Art. 66. Procedure familiari (( 1. I membri della stessa famiglia possono presentare un'unica domanda di accesso ad una delle procedure di cui all'articolo 65, comma 1, quando sono conviventi o quando il sovraindebitamento ha un'origine comune. Quando uno dei debitori non e' un consumatore, non si applicano le disposizioni della sezione II del presente capo, ad eccezione dell'articolo 67, comma 5. La domanda di apertura della liquidazione controllata puo' essere proposta anche se uno o piu' debitori si trovano nelle condizioni previste dall'articolo 283, se per almeno uno di essi sussistono i presupposti di cui all'articolo 268, comma 3, quarto periodo. )) 2. Ai fini del comma 1, oltre al coniuge, si considerano membri della stessa famiglia i parenti entro il quarto grado e gli affini entro il secondo, nonche' le parti dell'unione civile e i conviventi di fatto di cui alla legge 20 maggio 2016, n.76 .
3. Le masse attive e passive rimangono distinte.

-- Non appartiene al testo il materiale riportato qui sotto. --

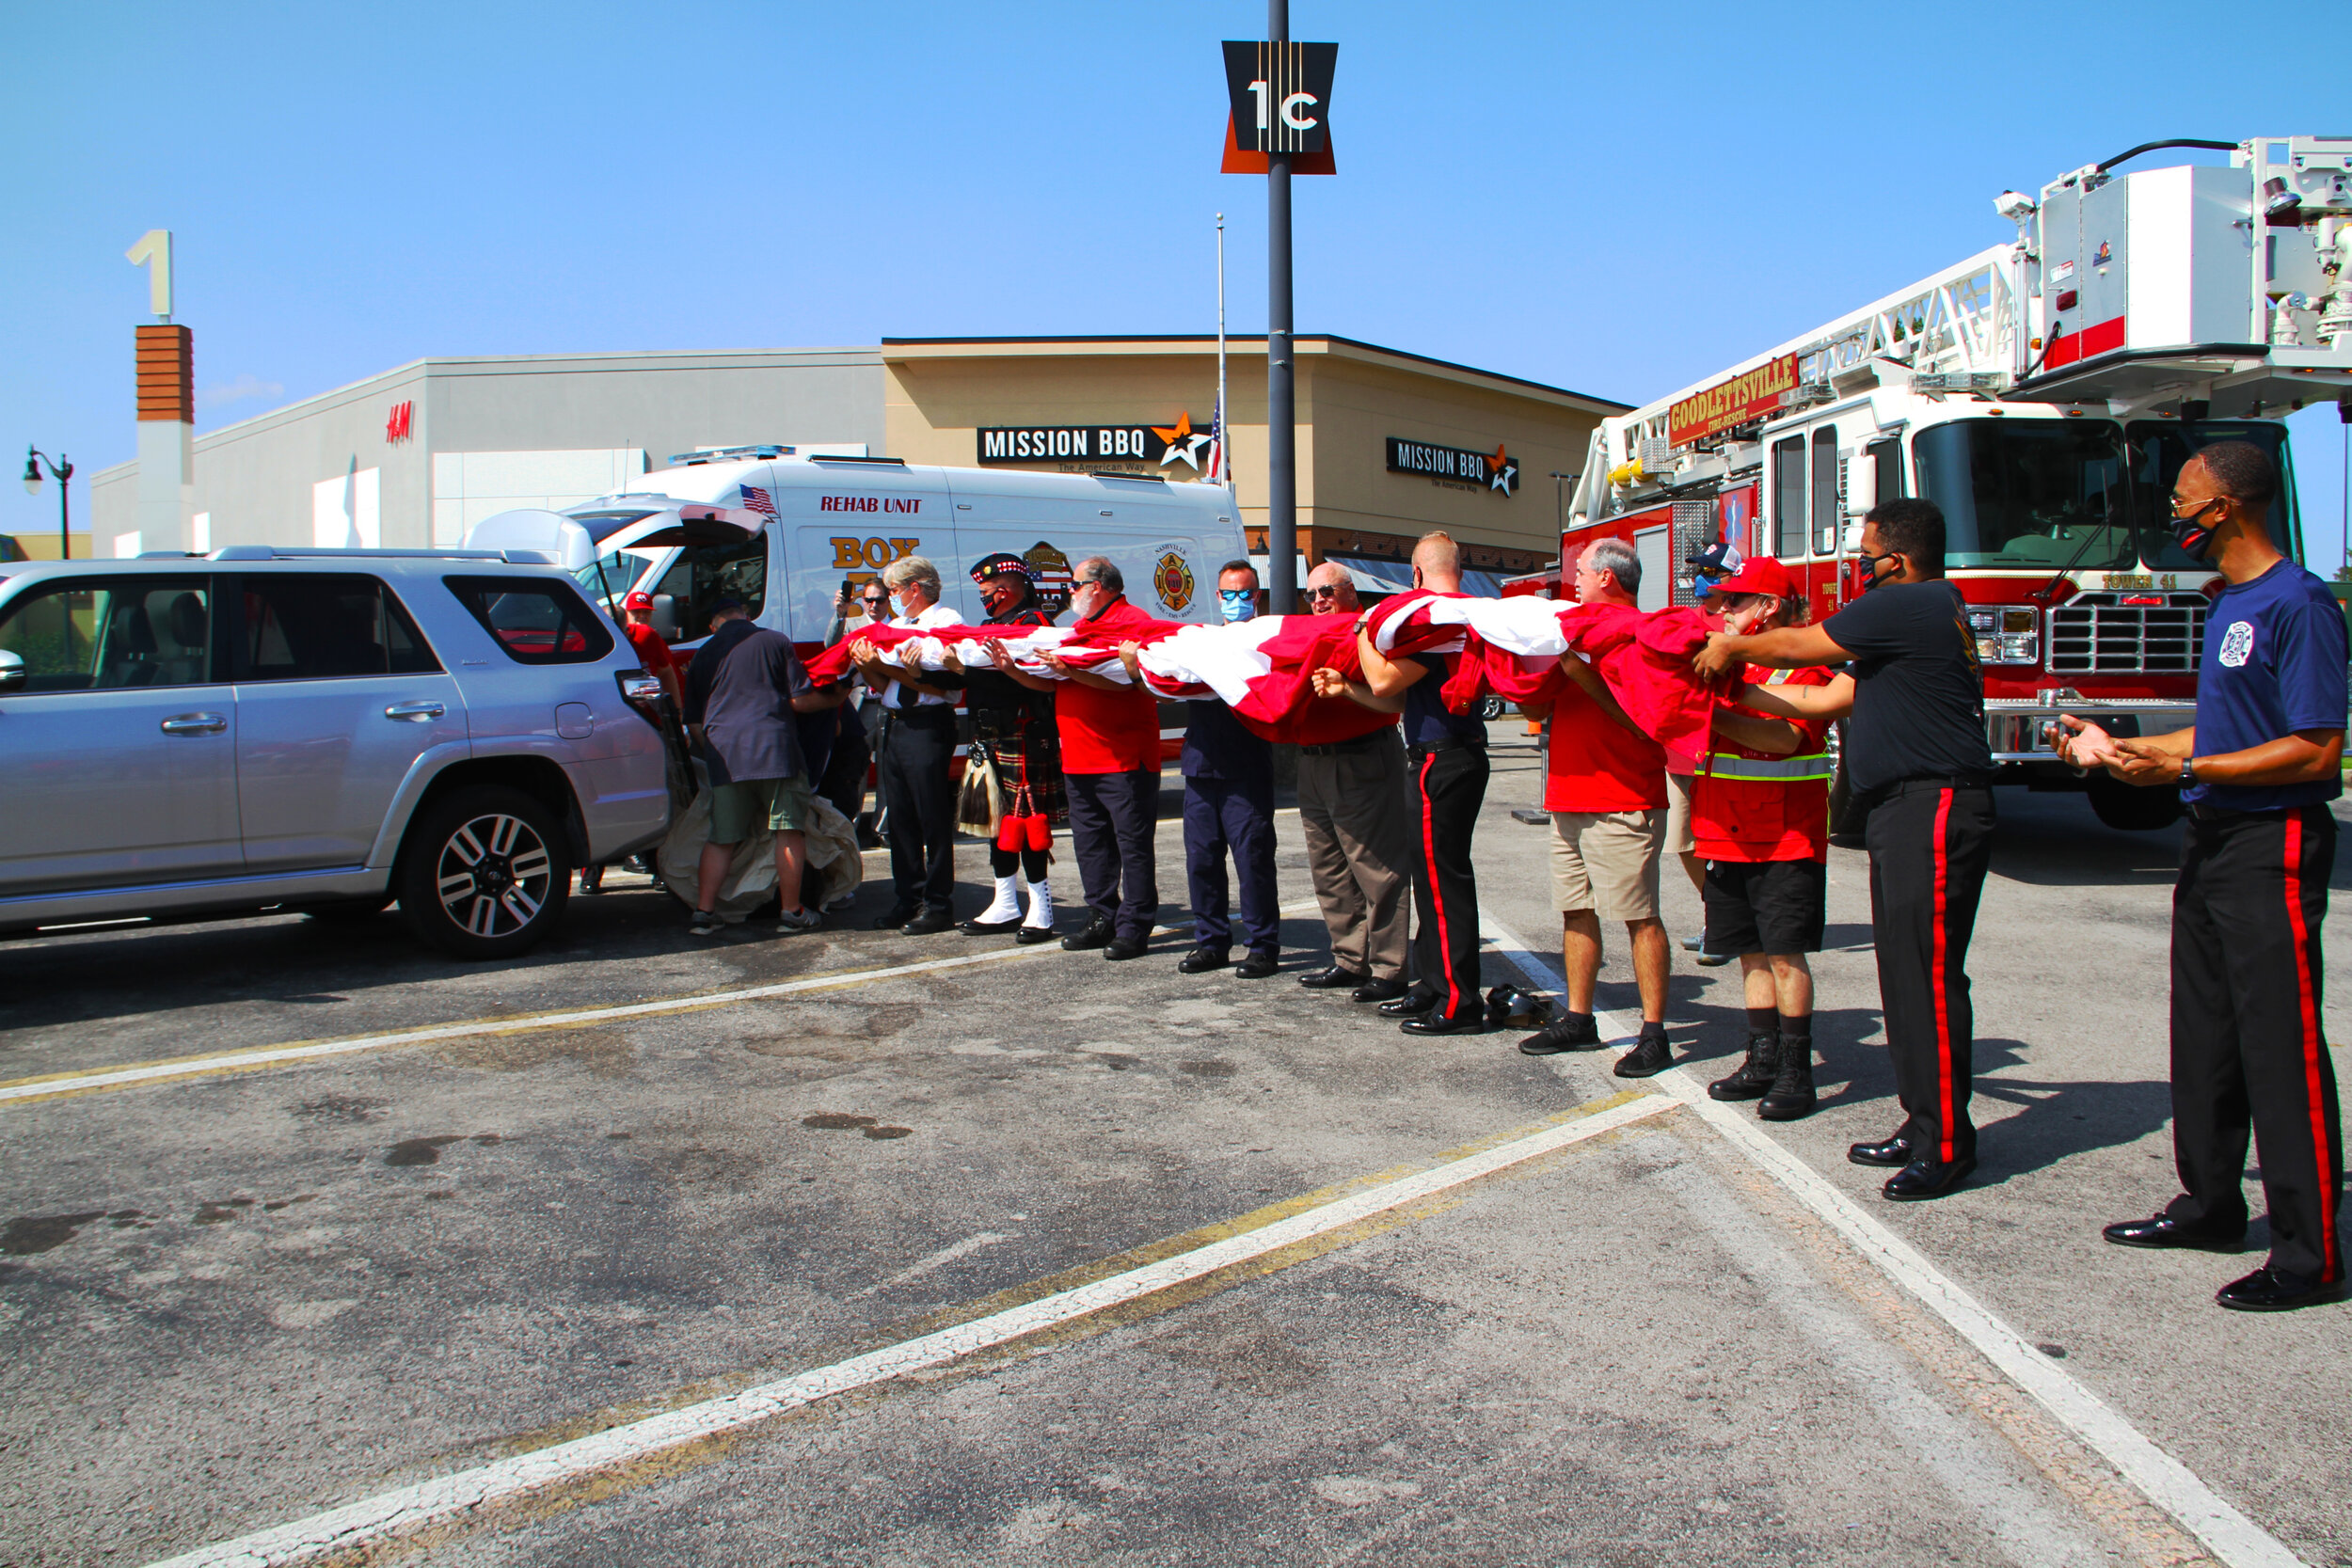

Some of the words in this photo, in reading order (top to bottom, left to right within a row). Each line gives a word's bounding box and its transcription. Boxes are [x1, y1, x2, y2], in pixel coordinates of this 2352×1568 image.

[125, 230, 173, 315] 1
[1671, 356, 1793, 432] GOODLETTSVILLE
[387, 400, 411, 443] H&M
[1708, 408, 1747, 433] FIRE-RESCUE
[985, 430, 1088, 457] MISSION
[1099, 429, 1145, 458] BBQ
[1058, 463, 1074, 472] The
[1078, 463, 1122, 472] American
[1398, 442, 1454, 475] MISSION
[1459, 452, 1484, 483] BBQ
[1431, 479, 1441, 487] The
[1441, 481, 1466, 491] American
[820, 496, 879, 513] REHAB
[884, 498, 922, 514] UNIT
[829, 536, 920, 570] BOX
[1154, 544, 1188, 556] NASHVILLE
[2102, 575, 2153, 589] TOWER
[2160, 574, 2177, 589] 41
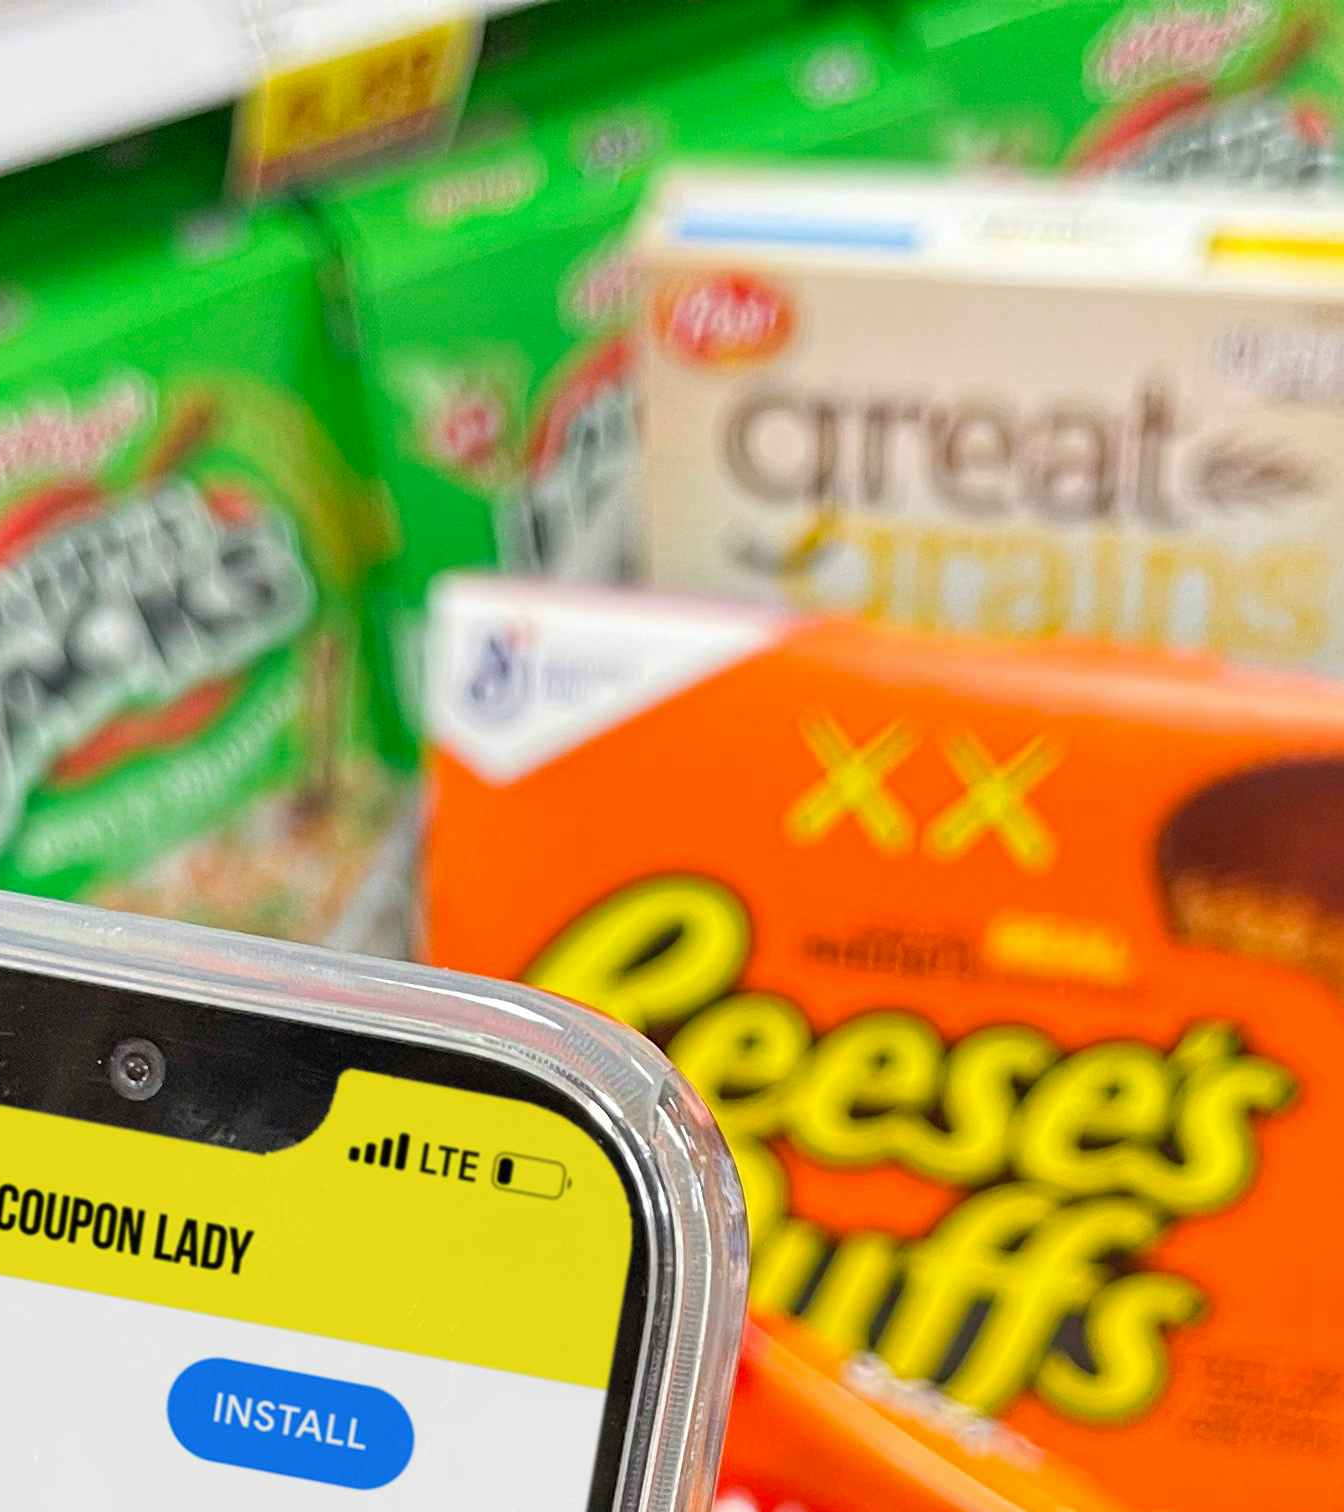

4. Nel caso in cui siano presentate piu' richieste di risoluzione della crisi da sovraindebitamento riguardanti membri della stessa famiglia, il giudice adotta i necessari provvedimenti per assicurarne il coordinamento. La competenza appartiene al giudice adito per primo.
5. La liquidazione del compenso dovuto all'organismo di composizione della crisi e' ripartita tra i membri della famiglia in misura proporzionale all'entita' ((dell'attivo)) di ciascuno.